The records below are to be repeated exactly, and their pictures left out.

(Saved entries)
((
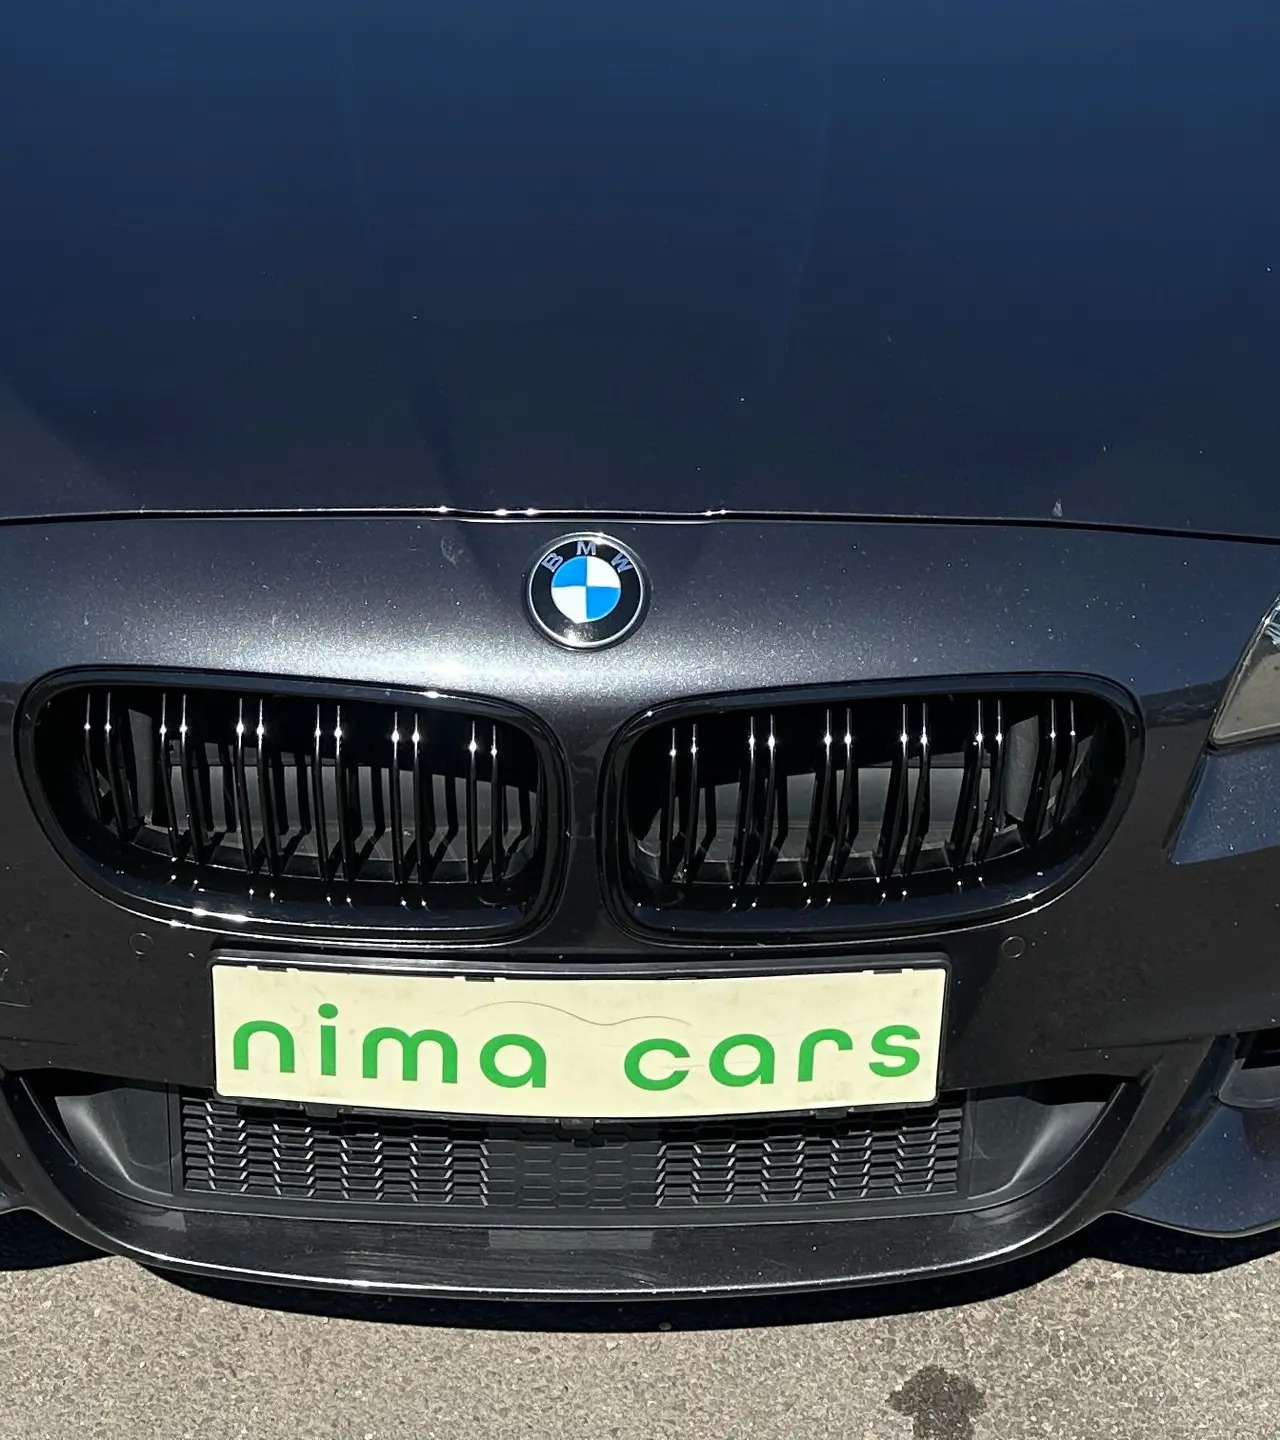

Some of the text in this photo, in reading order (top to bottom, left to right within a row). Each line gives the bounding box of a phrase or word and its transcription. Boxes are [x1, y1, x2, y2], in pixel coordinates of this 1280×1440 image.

[540, 540, 634, 574] BMW
[232, 1002, 921, 1092] nima cars
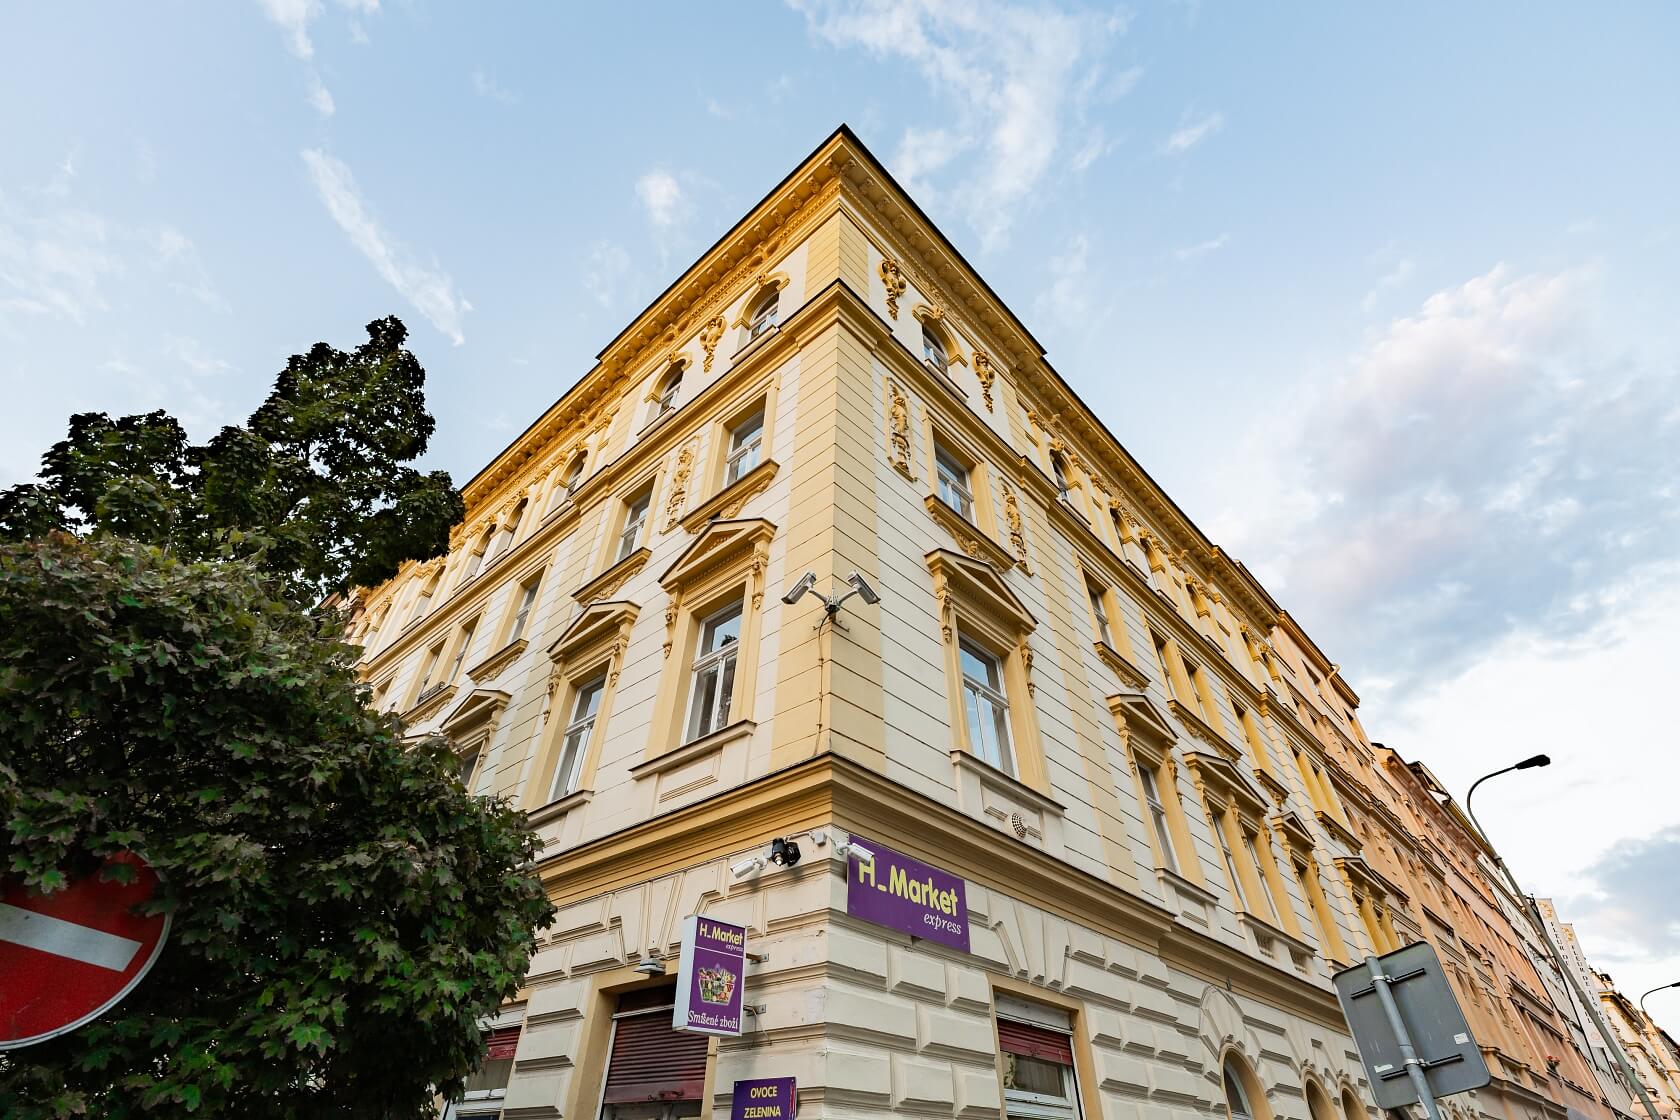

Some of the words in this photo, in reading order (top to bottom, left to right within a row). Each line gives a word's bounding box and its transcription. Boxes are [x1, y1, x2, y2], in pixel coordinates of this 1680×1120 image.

[858, 856, 958, 917] H_Market
[924, 913, 962, 935] express
[700, 922, 743, 945] H_Market
[720, 1015, 739, 1029] zboží
[750, 1085, 778, 1099] OVOCE
[744, 1105, 782, 1119] ZELENINA
))
# FINISHED TASK
Some of the text in this photo, in reading order (top to bottom, left to right within a row). Each line gives the bounding box of a phrase or word and its transcription. Boxes are [x1, y1, x2, y2], in pixel coordinates of this 1280×1440 image.

[540, 540, 634, 574] BMW
[232, 1002, 921, 1092] nima cars

Some of the words in this photo, in reading order (top to bottom, left to right within a row). Each line gives a word's bounding box and its transcription. Boxes are [x1, y1, x2, y2], in pixel coordinates of this 1680×1120 image.

[858, 856, 958, 917] H_Market
[924, 913, 962, 935] express
[700, 922, 743, 945] H_Market
[720, 1015, 739, 1029] zboží
[750, 1085, 778, 1099] OVOCE
[744, 1105, 782, 1119] ZELENINA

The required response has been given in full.